If the Tax Office issues you with a tax form or letter to request you to do so, this will have to be filed in any case.
If you do not receive a letter, but you have to pay additional tax on your income or assets, you are also obliged to file a tax return. Obviously if you are entitled to a refund, it is in your own interest to file one. For a regular domestic tax return the deadline is May 1st.
This year again we have heard of tax payers who received a letter from the Dutch tax authorities mentioning that they did not need to submit a tax return, although in their particular situation it would have been either mandatory to file a tax return, or they were entitled to a refund. Particularly in the situation of someone living abroad owning Dutch real estate, we regularly see that no tax returns were issued or filed. As property is always taxable in the country where it is located, it is important that a tax return is filed, also in view of avoiding later corrections with penalties and interest. Furthermore the Tax Office in the main is not aware of your possible tax deductions. We therefore advise to have your refund possibilities checked.
The Tax Office has also mentioned that some details in the prefilled tax return may be incorrect, such as the life annuity premiums. It is always important to check the figures with the underlying documents. By the way, any electronic messages you receive from the Tax Office (Berichtenbox) are still also sent by regular mail.
For our clients, we request a continuous authorisation from the Tax Office instead of the annual authorizations.

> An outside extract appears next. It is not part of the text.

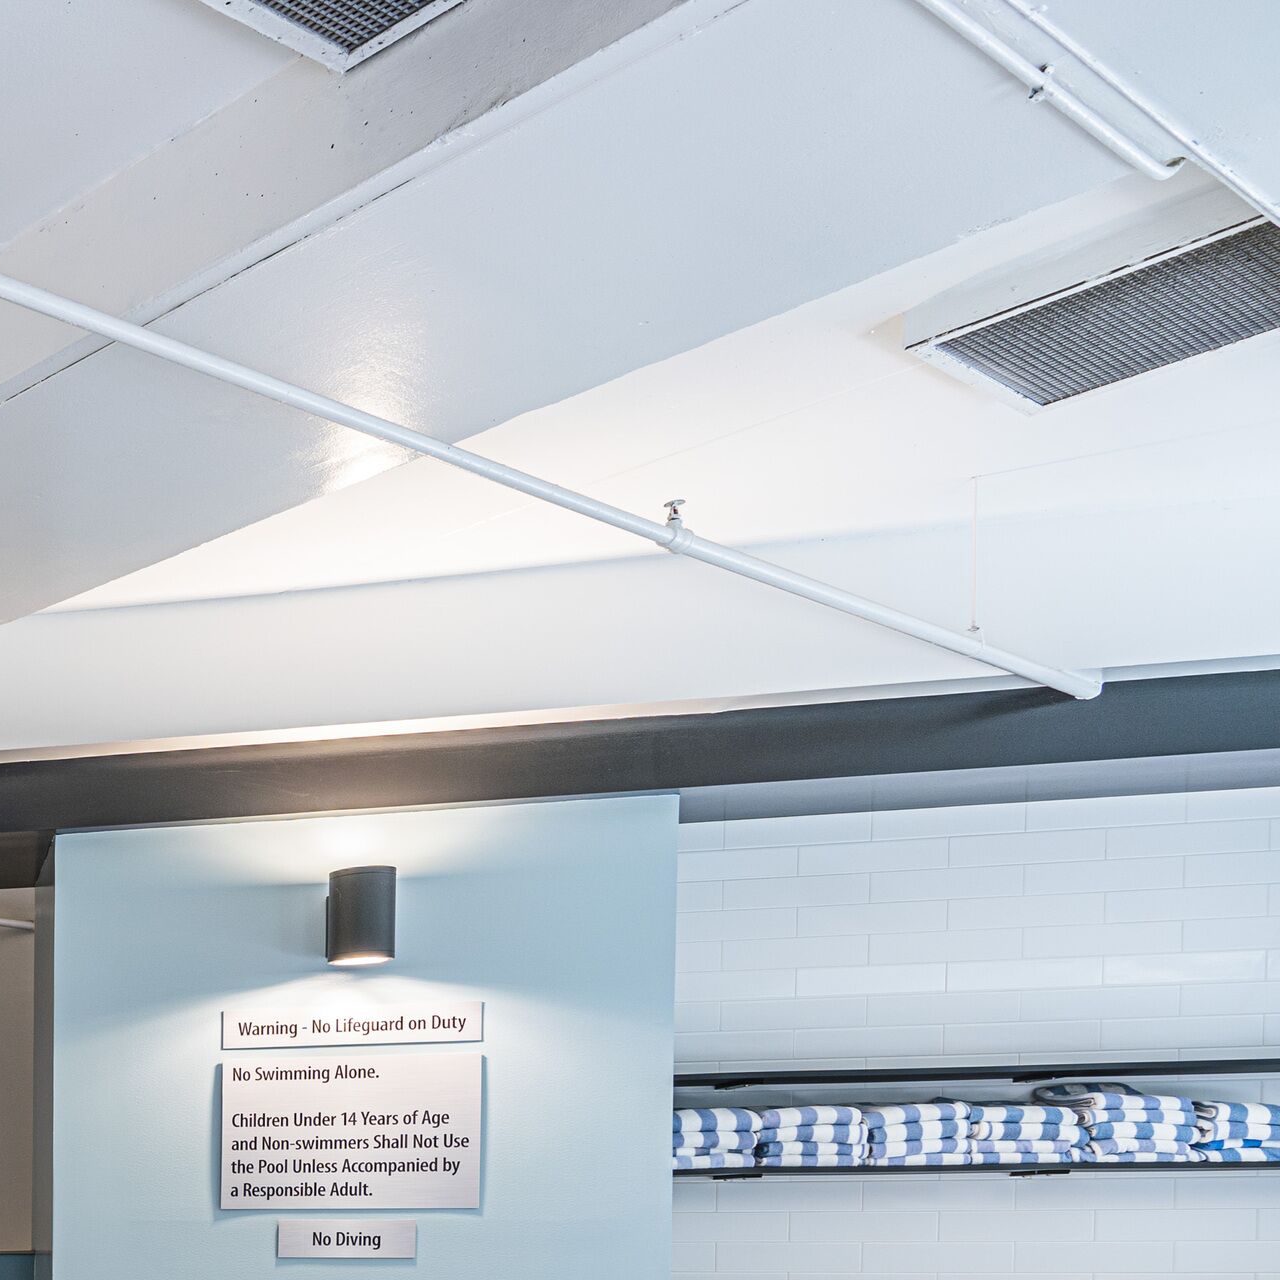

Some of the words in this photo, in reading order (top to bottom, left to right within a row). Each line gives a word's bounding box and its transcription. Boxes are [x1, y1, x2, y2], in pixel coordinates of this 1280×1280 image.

This may of course be canceled at any time again. If you receive a letter with a code for this authorisation, please forward it to us so that we can activate this in the system if you are happy with this. This authorisation is required, among other things, to receive copies of tax assessments from the Tax Office in our software program. However, we would still like to receive copies of the paper assessments you receive so that these are checked timely and appeal can be made, if necessary.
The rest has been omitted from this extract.